=== Section Start ===

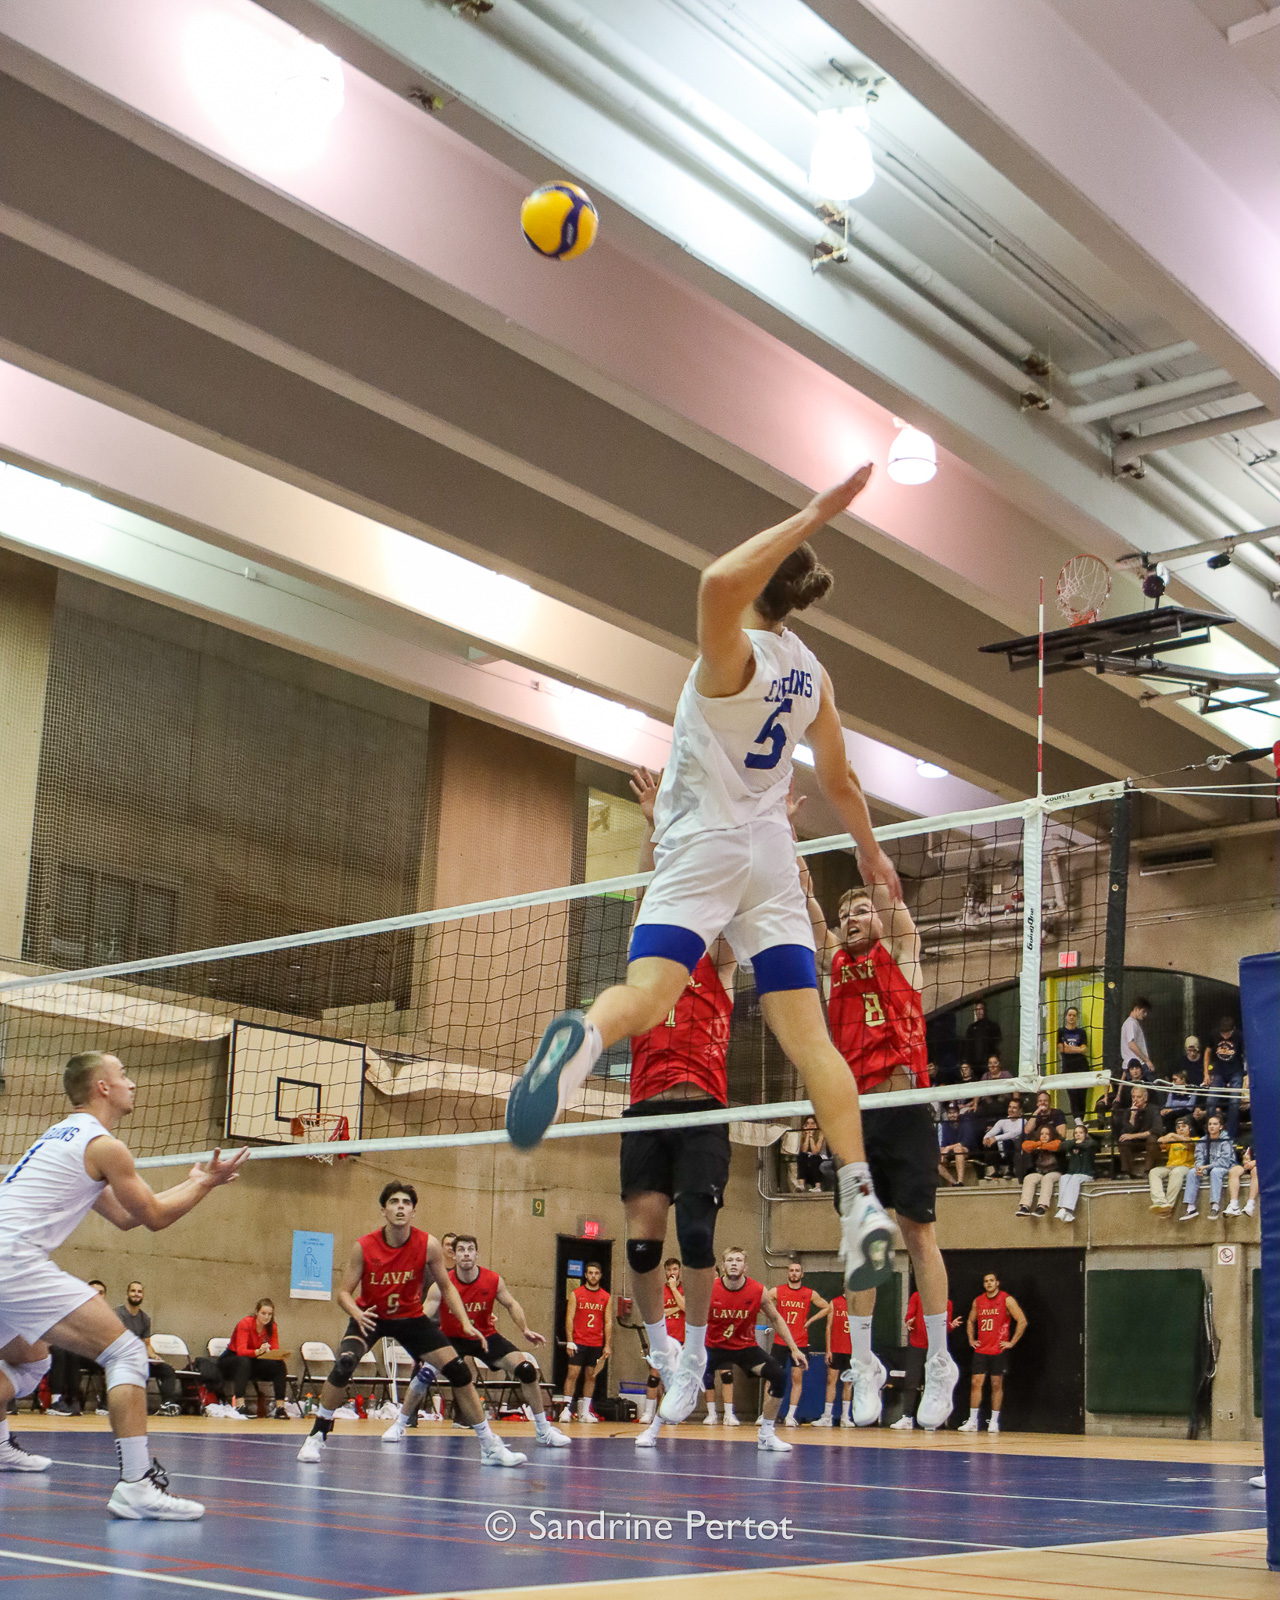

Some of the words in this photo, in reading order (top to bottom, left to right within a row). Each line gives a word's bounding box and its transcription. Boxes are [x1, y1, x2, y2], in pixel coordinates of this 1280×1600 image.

[744, 698, 793, 769] 5
[862, 992, 885, 1027] 8
[535, 1200, 543, 1214] 9
[370, 1269, 416, 1285] LAVAL
[579, 1301, 604, 1312] LAVAL
[781, 1300, 805, 1309] LAVAL
[587, 1313, 595, 1328] 2
[713, 1309, 749, 1319] LAVAL
[786, 1311, 798, 1325] 17
[981, 1318, 993, 1332] 20
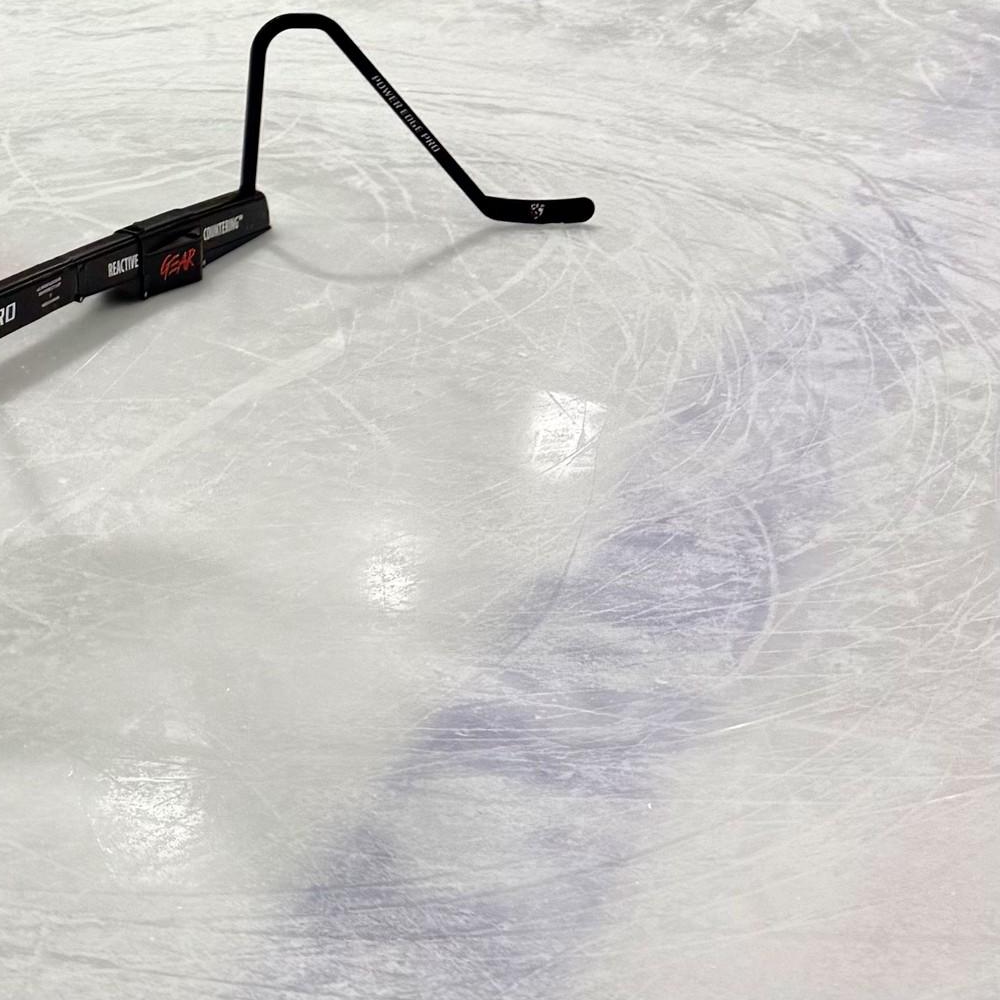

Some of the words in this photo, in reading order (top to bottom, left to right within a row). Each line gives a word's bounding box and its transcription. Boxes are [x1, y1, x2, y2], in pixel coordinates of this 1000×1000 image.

[371, 74, 403, 114] POWER
[400, 106, 424, 133] EDGE
[421, 131, 441, 154] PRO
[107, 254, 139, 277] REACTIVE
[160, 248, 196, 280] GEAR

=== Section End ===

**Brief**
What you give back must match the entries exactly, apart from the omitted pictures.

**Expected answer**
Some of the words in this photo, in reading order (top to bottom, left to right within a row). Each line gives a word's bounding box and its transcription. Boxes are [x1, y1, x2, y2], in pixel coordinates of this 1280×1600 image.

[744, 698, 793, 769] 5
[862, 992, 885, 1027] 8
[535, 1200, 543, 1214] 9
[370, 1269, 416, 1285] LAVAL
[579, 1301, 604, 1312] LAVAL
[781, 1300, 805, 1309] LAVAL
[587, 1313, 595, 1328] 2
[713, 1309, 749, 1319] LAVAL
[786, 1311, 798, 1325] 17
[981, 1318, 993, 1332] 20

Some of the words in this photo, in reading order (top to bottom, left to right within a row). Each line gives a word's bounding box and its transcription. Boxes are [x1, y1, x2, y2], in pixel coordinates of this 1000×1000 image.

[371, 74, 403, 114] POWER
[400, 106, 424, 133] EDGE
[421, 131, 441, 154] PRO
[107, 254, 139, 277] REACTIVE
[160, 248, 196, 280] GEAR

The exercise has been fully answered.